(Image: Duke University)
It's not a bird! It's not a plane! It's a dragonfly, and researchers are using a microchip attached to its belly to understand the complex mechanics of its flight.
Dragonflies capture their prey mid-flight, requiring precise control of horizontal and vertical movement to line up their meal with their mouths.
"Dragonfly wings almost swim through the air," says electrical engineer Matt Reynolds from Duke University. "They have many more degrees of freedom than an airplane's wing."
That's Reynolds in the picture above, holding an example of the microchip, which, at 38 milligrams, weighs just one-tenth what a dragonfly does, and doesn't interfere with its ability to fly and hunt.

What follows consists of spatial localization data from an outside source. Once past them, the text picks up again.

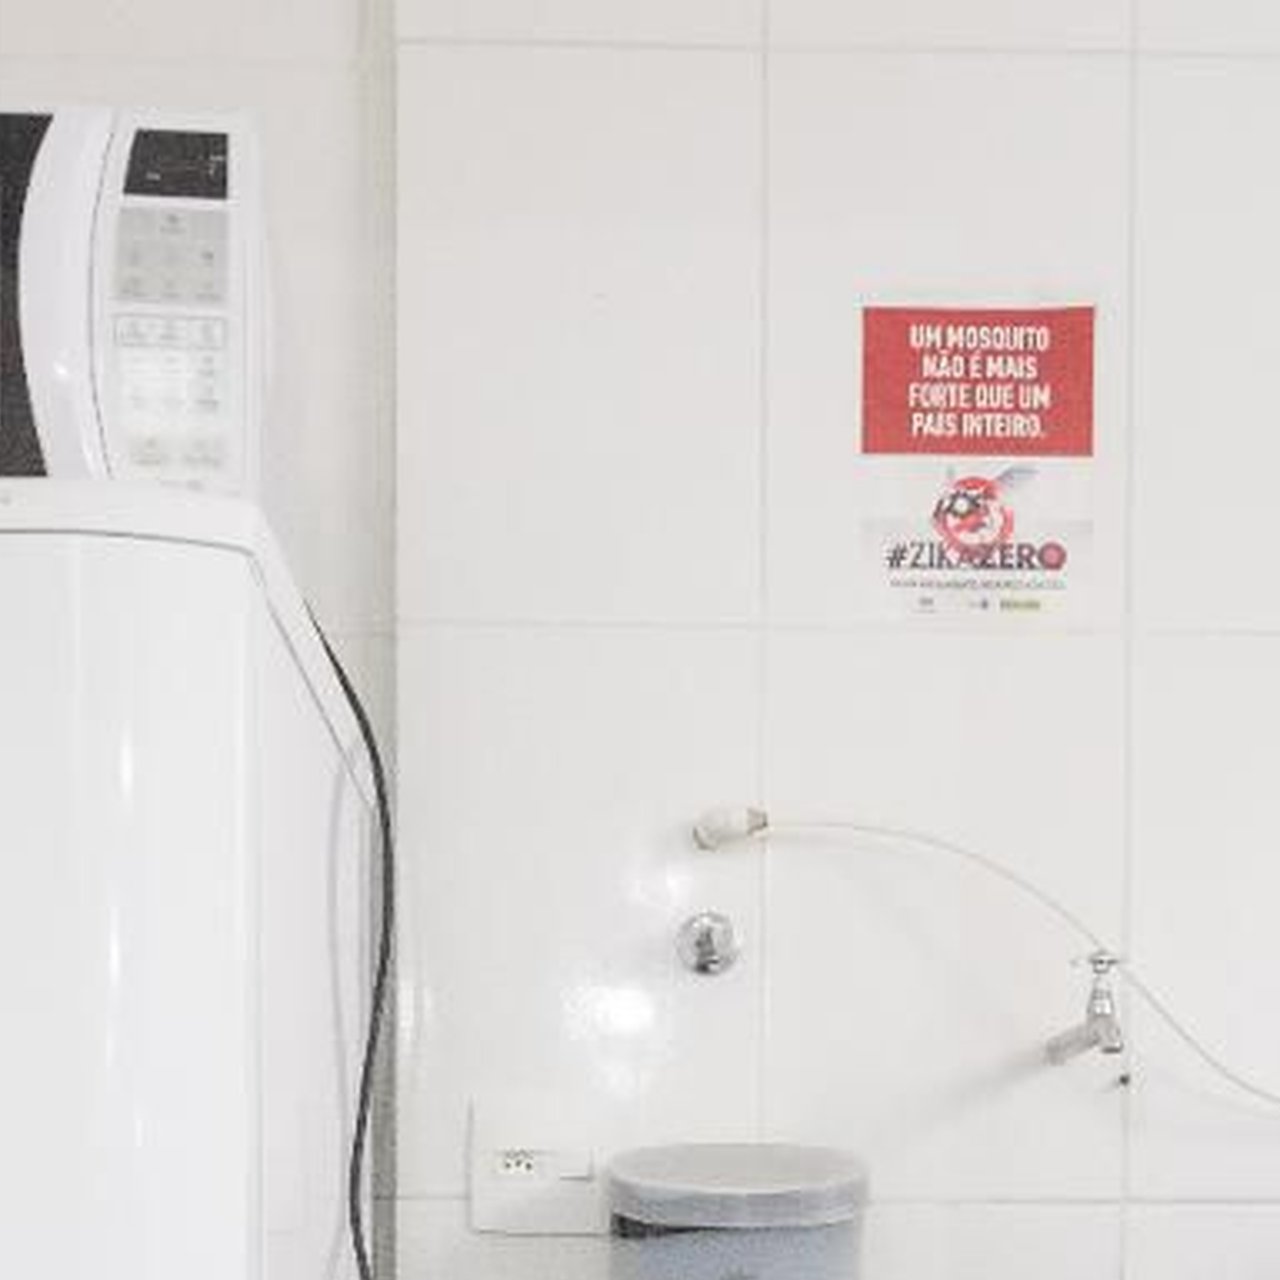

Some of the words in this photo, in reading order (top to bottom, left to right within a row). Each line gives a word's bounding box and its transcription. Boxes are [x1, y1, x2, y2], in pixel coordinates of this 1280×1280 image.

[909, 324, 942, 349] UM
[946, 325, 1051, 351] MOSQUITO
[922, 348, 965, 378] NÃO
[969, 349, 983, 378] É
[986, 355, 1039, 379] MAIS
[908, 382, 973, 408] FORTE
[975, 382, 1015, 409] QUE
[1018, 383, 1051, 409] UM

It's so light because it's powered wirelessly and can transmit data at the rate of five megabits per second - about the speed of a typical home internet connection.
He is working with a team at the Howard Hughes Medical Institute to determine how dragonflies manoeuvre through the air, and what we can learn that may lead to advances in robotic flying vehicles of the future.
Electrodes connected to 16 neurons in the dragonfly's nerve cord will transmit information that travels from the dragonfly's eyes as they spy their prey to their motor control system.
High-speed video will be correlated with neural signals as the microchipped dragonflies capture fruit flies, giving researchers insight into flight-control laws that govern these winged wonders.